We’re all guilty of it…… we all compare how well we match up against others don’t we! Its a human trait that is by and large quite unavoidable if we’re honest.
Now, you could be forgiven for thinking that I’m talking about comparing yourself to other adults especially in this virtual world where we are bombarded on a daily basis of pictures of other peoples perfect lives, homes and children, but I’m not. Well not entirely anyway.
What I’m talking about today is the temptation we all feel as parents to compare our children to other children and indeed even to their own siblings in regards to their stages of development and reaching milestones.
Comparing is defined as: to note or measure the similarities or dissimilarities between something. I think we can safely say that were all guilty of this on some level aren’t we!
Social Media really doesn’t help in this regard does it! everyday, I’m seeing pictures of Perfect Pamela telling me how far advanced her children are for their age, how they’ve astounded medical professionals with their advancements and achievements etc… I could go on, but I think you get the point. What its wise to remember here is that Social Media isn’t reality and certainly does not always show an honest or accurate portrayal of how things really are. You can’t blame people for posting only the positives, its just human nature to want to show yourself in a positive light isn’t it. Its just wise to remember that this isn’t always real life.
Whenever you meet other parents there always seems to be the need to talk about your child’s development. Is he/she sleeping through yet?, is he/she potty trained yet? etc etc. While this is probably just innocent small talk, there’s always that niggling at the back of your mind. Of course you want your child to do well and excel in all aspects of their life. I think that’s quite normal isn’t it. so what if your child isn’t as far advanced as another child, is this a problem? More often that not, I’d say no. We all develop at different rates. So why aren’t we celebrating this uniqueness instead of doubting it as normal?
As adults we don’t seem to pitch ourselves against other adults as we do our children against other children of the same age do we? Whenever you meet another parent of a child the same age as yours though, it seems the absolute normal and socially acceptable thing to do to question each other as to your respective children’s development.
This need to compare is ingrained into us as new parents from the moment our child is born and we are given that little Red Book with the height an weight charts in it. What centile is your baby on? what one is considered the most normal? I remember from a baby group I once attended that there was this one girl who has a big baby and every weigh in, people would comment on how much he weighed. I could tell then that this mum felt mortified and somewhat ashamed by this, like there was something abnormal with her child because he weighed more and was on a different centile line to most of the other babies of the same age in that group and how awful is that!
When you have your first child, you’re desperate for them to meet their given milestones, first smile, first word, first steps, how quick they were to potty train etc and all the time your talking to friends and other parents asking at what stage their child did this, that or the other.
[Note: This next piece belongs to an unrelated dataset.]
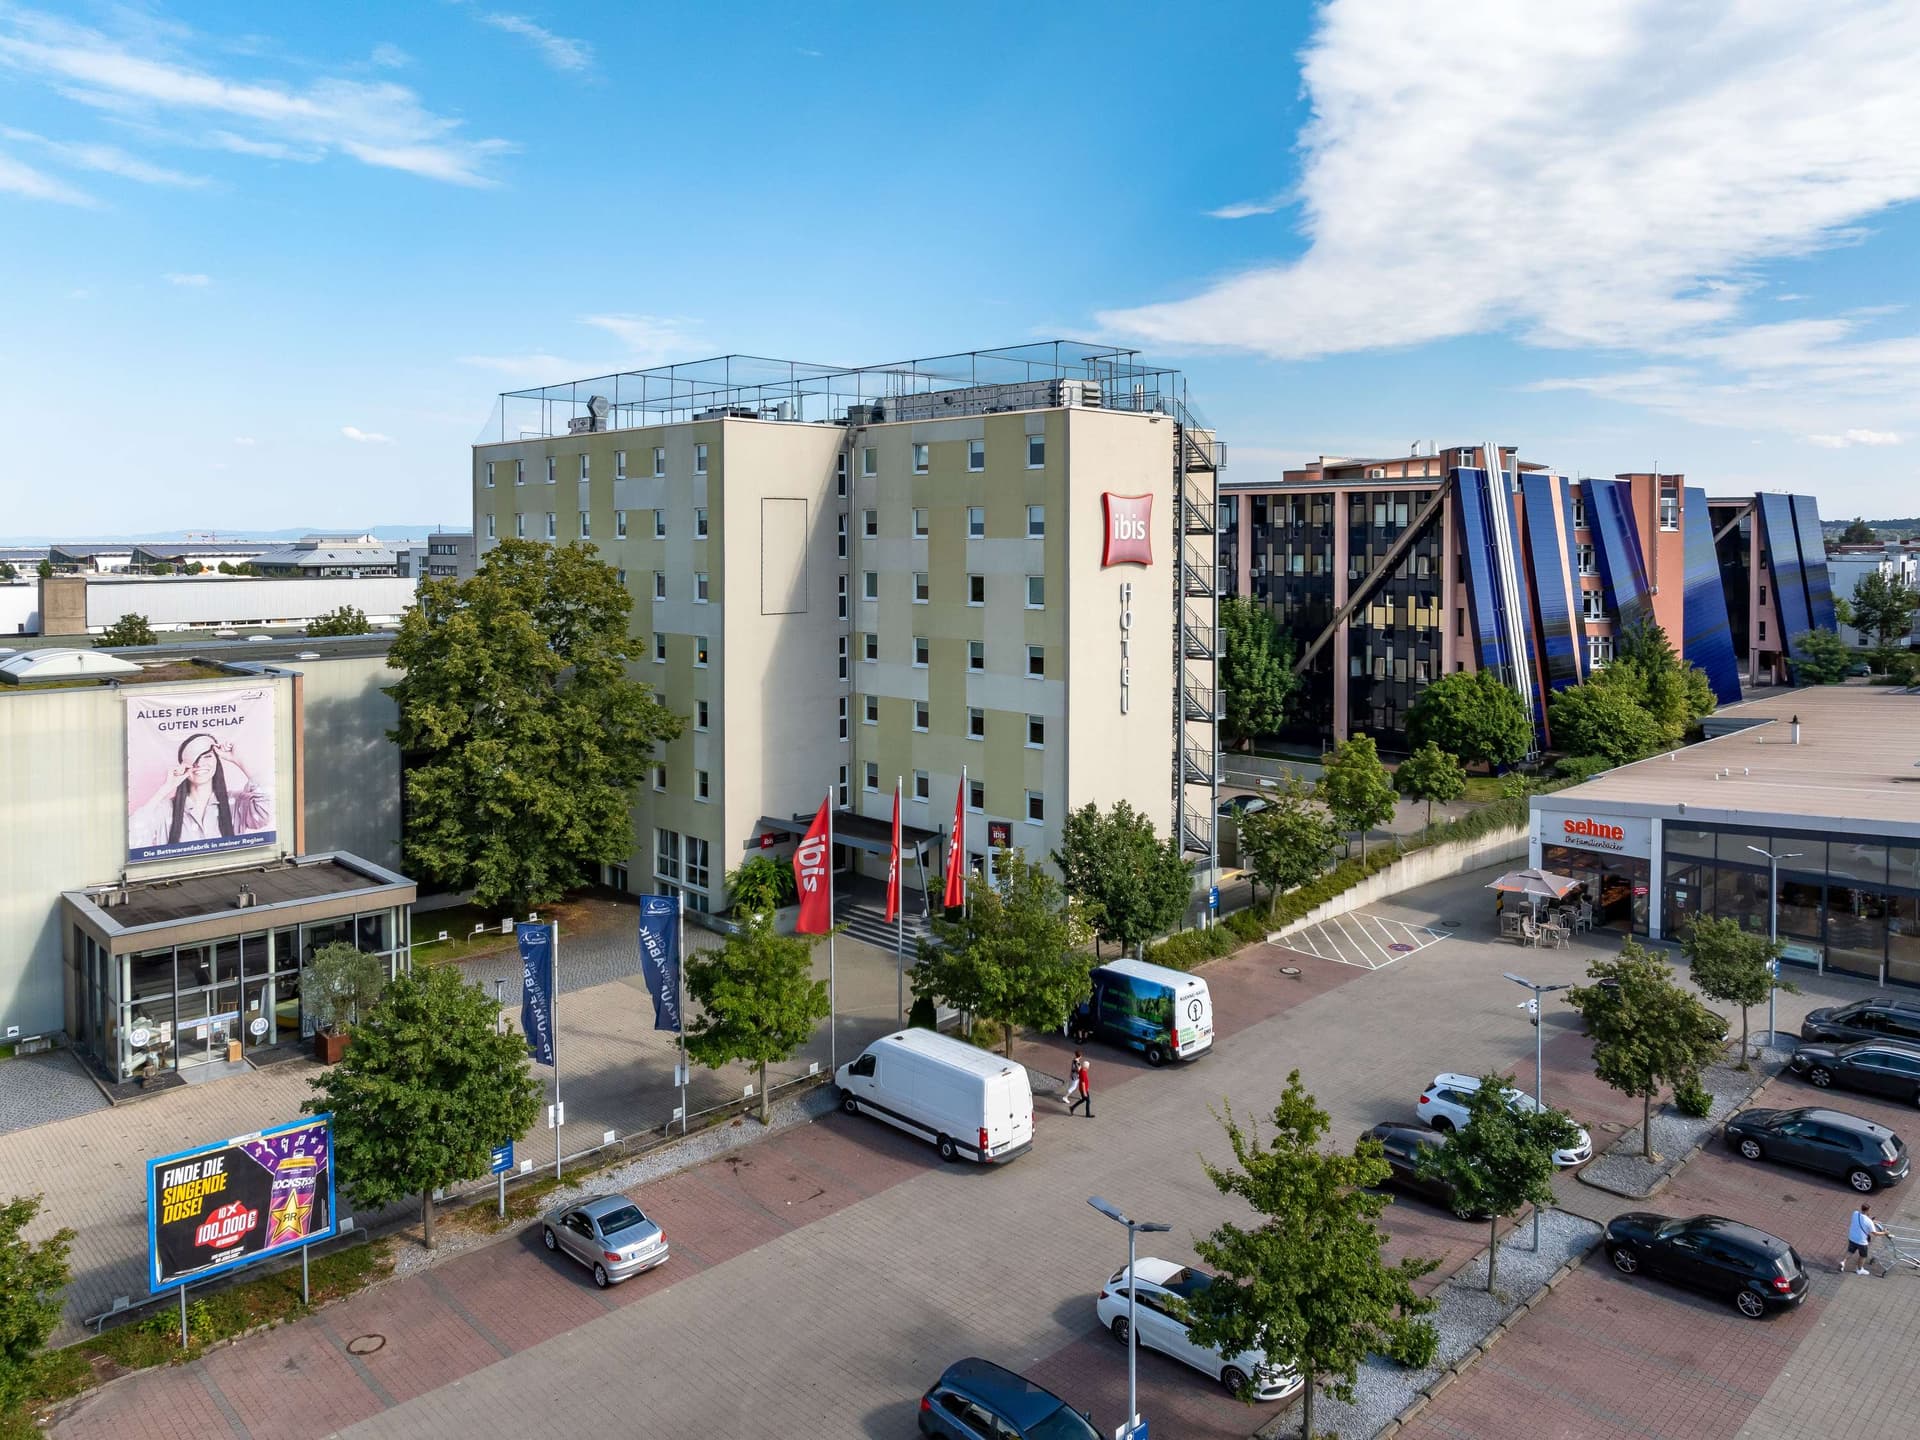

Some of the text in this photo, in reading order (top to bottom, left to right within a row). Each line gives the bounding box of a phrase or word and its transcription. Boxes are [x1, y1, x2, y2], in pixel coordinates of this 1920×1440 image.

Desperate for some sort of reassurance that your child is on schedule as they should be. Basically, we’re all just winging this parenthood lark aren’t we and we’re all wanting that crucial reassurance that we’re doing a good job of it.
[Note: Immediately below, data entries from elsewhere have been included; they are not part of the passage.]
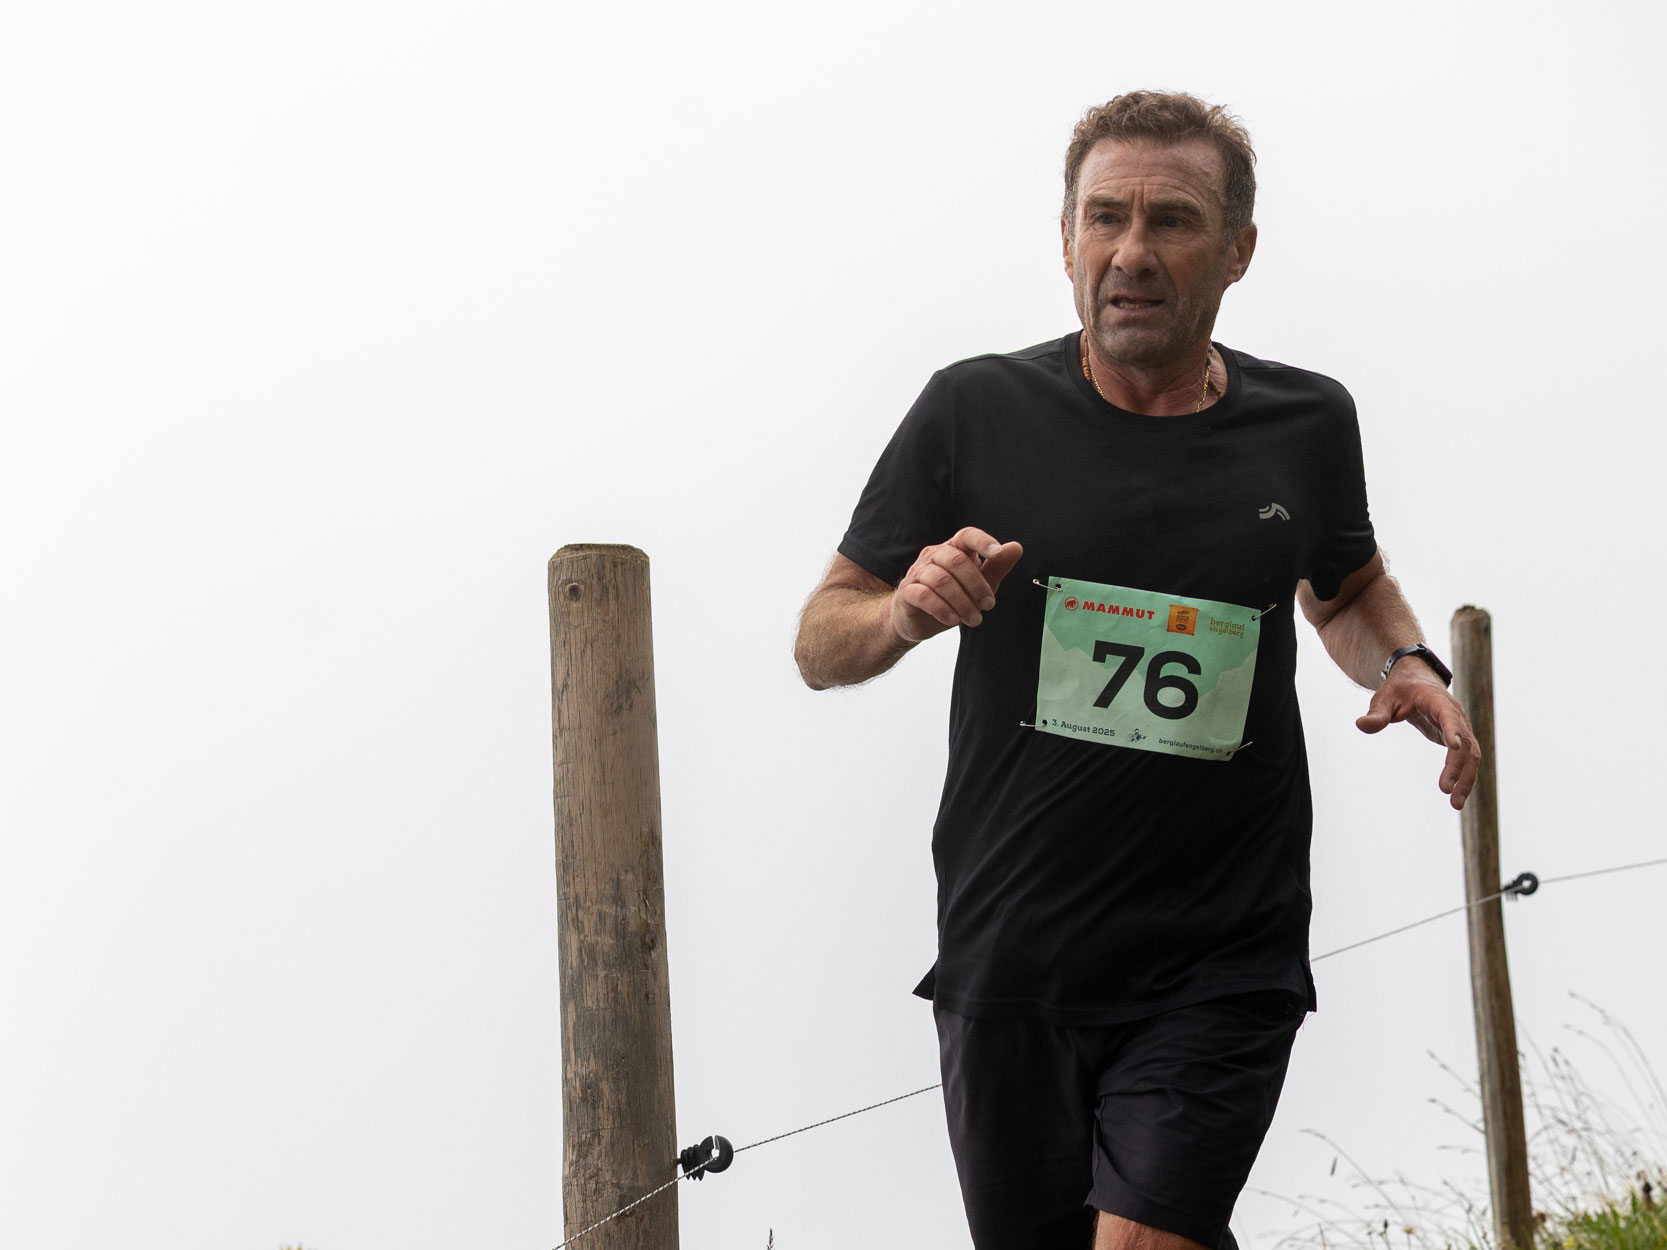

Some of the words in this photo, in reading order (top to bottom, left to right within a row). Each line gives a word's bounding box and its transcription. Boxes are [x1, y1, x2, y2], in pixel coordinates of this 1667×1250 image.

[1082, 601, 1155, 620] MAMMUT
[1210, 617, 1246, 630] berglauf
[1209, 626, 1244, 639] engelberg
[1092, 639, 1202, 720] 76
[1052, 718, 1060, 727] 3.
[1060, 720, 1091, 733] August
[1092, 726, 1116, 737] 2025
[1158, 738, 1223, 754] berglaufengelberg.ch
I remember when my baby was just seven weeks old and someone with a baby the same aged asked if mine was sleeping through the night yet as their baby was. My baby wasn’t yet sleeping through the night and the fact that this other baby was, actually worried me at the time. Why wasn’t my baby sleeping through, was there something wrong with him? Of course there wasn’t, but this is just where the comparison trap leaves you. Scared and doubtful of your own abilities as a parent.
Then there’s the question of what happens when another child comes into your family and that child is perhaps not as forward in his development as their older sibling was? Well at that point you start to worry and you feel ALL the mum guilt. You question yourself as to why your second child isn’t at the same developmental stage as their older sibling was at the same age. Again compare, compare and compare some more. That horrible worrying, beating yourself up that you’ve in some way failed as a parent.
This worry can become all consuming and its easy to start blaming yourself to think things to yourself like, if you had more time to dedicate to them, that they too would be hitting the milestones just like your first born. But these sort of thoughts are completely unfounded and without warrant. I’ve learnt over time that this is all utter and complete nonsense. Every child is an individual and as such they will totally develop at their own pace.
My first born walked at 10 months and was dry day and night by 2 years and 2 months old. My second son walked at 14 months and is now 3 1/2 and still isn’t completely dry at night. My third son walked at 11 months and is potty training and he’s not even 2 yet. You know what though, there’s nothing wrong with this scenario. There’s nothing wrong with any of my boys. Not at all.
With love and encouragement all children will flourish and bloom. Yes, obviously there are medical guidelines that your Health Visitor or Doctor will advise you about if they have any concerns regarding your child, but in the meantime, just relax and enjoy them, after all they’re only little for such a short time, don’t try and push them forward too soon, don’t wish time away for them or try and make them reach milestones before they are totally ready. If you do, I can guarantee you’ll regret it.